Work to be completed:
Nothing in the data should be left out or altered when it is retyped.

[Data records — start]

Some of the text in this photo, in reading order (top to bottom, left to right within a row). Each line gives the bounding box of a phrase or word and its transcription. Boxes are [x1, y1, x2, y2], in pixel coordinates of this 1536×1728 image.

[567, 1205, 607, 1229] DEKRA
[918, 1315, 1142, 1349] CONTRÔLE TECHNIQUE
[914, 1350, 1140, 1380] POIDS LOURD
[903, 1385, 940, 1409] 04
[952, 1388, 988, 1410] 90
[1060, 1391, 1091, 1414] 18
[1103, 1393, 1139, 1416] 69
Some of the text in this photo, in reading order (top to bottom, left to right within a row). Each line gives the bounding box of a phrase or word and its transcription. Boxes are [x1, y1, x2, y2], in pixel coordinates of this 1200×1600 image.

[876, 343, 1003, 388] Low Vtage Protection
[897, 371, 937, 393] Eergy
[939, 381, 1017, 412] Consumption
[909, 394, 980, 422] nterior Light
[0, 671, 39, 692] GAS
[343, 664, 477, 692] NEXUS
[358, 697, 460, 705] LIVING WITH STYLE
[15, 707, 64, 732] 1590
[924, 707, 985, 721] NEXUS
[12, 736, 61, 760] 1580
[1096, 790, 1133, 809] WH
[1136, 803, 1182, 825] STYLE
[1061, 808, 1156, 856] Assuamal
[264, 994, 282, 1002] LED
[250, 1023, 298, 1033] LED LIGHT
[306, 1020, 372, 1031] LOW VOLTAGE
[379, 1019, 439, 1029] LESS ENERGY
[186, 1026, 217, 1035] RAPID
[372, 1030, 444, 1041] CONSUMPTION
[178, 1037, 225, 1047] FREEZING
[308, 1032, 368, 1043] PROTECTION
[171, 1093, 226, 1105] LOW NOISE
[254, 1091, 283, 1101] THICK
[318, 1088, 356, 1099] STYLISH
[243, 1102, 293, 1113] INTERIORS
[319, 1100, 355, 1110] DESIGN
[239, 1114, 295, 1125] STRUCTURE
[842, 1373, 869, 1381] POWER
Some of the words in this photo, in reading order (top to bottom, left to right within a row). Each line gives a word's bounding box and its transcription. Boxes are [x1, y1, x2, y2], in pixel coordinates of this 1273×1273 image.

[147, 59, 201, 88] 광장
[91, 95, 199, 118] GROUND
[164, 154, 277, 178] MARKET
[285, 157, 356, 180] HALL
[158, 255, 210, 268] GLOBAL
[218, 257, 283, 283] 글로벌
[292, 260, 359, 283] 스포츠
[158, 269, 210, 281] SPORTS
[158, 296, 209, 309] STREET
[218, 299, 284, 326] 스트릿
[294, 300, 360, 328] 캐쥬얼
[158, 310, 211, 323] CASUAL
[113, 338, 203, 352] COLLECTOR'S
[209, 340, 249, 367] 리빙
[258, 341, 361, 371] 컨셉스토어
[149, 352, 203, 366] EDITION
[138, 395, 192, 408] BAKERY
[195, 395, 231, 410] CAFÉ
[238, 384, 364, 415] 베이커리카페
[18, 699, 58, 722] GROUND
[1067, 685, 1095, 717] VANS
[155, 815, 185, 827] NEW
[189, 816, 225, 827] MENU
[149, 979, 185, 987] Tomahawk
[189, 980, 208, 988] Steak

[Data records — finish]

Exercise solution:
Some of the text in this photo, in reading order (top to bottom, left to right within a row). Each line gives the bounding box of a phrase or word and its transcription. Boxes are [x1, y1, x2, y2], in pixel coordinates of this 1536×1728 image.

[567, 1205, 607, 1229] DEKRA
[918, 1315, 1142, 1349] CONTRÔLE TECHNIQUE
[914, 1350, 1140, 1380] POIDS LOURD
[903, 1385, 940, 1409] 04
[952, 1388, 988, 1410] 90
[1060, 1391, 1091, 1414] 18
[1103, 1393, 1139, 1416] 69
Some of the text in this photo, in reading order (top to bottom, left to right within a row). Each line gives the bounding box of a phrase or word and its transcription. Boxes are [x1, y1, x2, y2], in pixel coordinates of this 1200×1600 image.

[876, 343, 1003, 388] Low Vtage Protection
[897, 371, 937, 393] Eergy
[939, 381, 1017, 412] Consumption
[909, 394, 980, 422] nterior Light
[0, 671, 39, 692] GAS
[343, 664, 477, 692] NEXUS
[358, 697, 460, 705] LIVING WITH STYLE
[15, 707, 64, 732] 1590
[924, 707, 985, 721] NEXUS
[12, 736, 61, 760] 1580
[1096, 790, 1133, 809] WH
[1136, 803, 1182, 825] STYLE
[1061, 808, 1156, 856] Assuamal
[264, 994, 282, 1002] LED
[250, 1023, 298, 1033] LED LIGHT
[306, 1020, 372, 1031] LOW VOLTAGE
[379, 1019, 439, 1029] LESS ENERGY
[186, 1026, 217, 1035] RAPID
[372, 1030, 444, 1041] CONSUMPTION
[178, 1037, 225, 1047] FREEZING
[308, 1032, 368, 1043] PROTECTION
[171, 1093, 226, 1105] LOW NOISE
[254, 1091, 283, 1101] THICK
[318, 1088, 356, 1099] STYLISH
[243, 1102, 293, 1113] INTERIORS
[319, 1100, 355, 1110] DESIGN
[239, 1114, 295, 1125] STRUCTURE
[842, 1373, 869, 1381] POWER
Some of the words in this photo, in reading order (top to bottom, left to right within a row). Each line gives a word's bounding box and its transcription. Boxes are [x1, y1, x2, y2], in pixel coordinates of this 1273×1273 image.

[147, 59, 201, 88] 광장
[91, 95, 199, 118] GROUND
[164, 154, 277, 178] MARKET
[285, 157, 356, 180] HALL
[158, 255, 210, 268] GLOBAL
[218, 257, 283, 283] 글로벌
[292, 260, 359, 283] 스포츠
[158, 269, 210, 281] SPORTS
[158, 296, 209, 309] STREET
[218, 299, 284, 326] 스트릿
[294, 300, 360, 328] 캐쥬얼
[158, 310, 211, 323] CASUAL
[113, 338, 203, 352] COLLECTOR'S
[209, 340, 249, 367] 리빙
[258, 341, 361, 371] 컨셉스토어
[149, 352, 203, 366] EDITION
[138, 395, 192, 408] BAKERY
[195, 395, 231, 410] CAFÉ
[238, 384, 364, 415] 베이커리카페
[18, 699, 58, 722] GROUND
[1067, 685, 1095, 717] VANS
[155, 815, 185, 827] NEW
[189, 816, 225, 827] MENU
[149, 979, 185, 987] Tomahawk
[189, 980, 208, 988] Steak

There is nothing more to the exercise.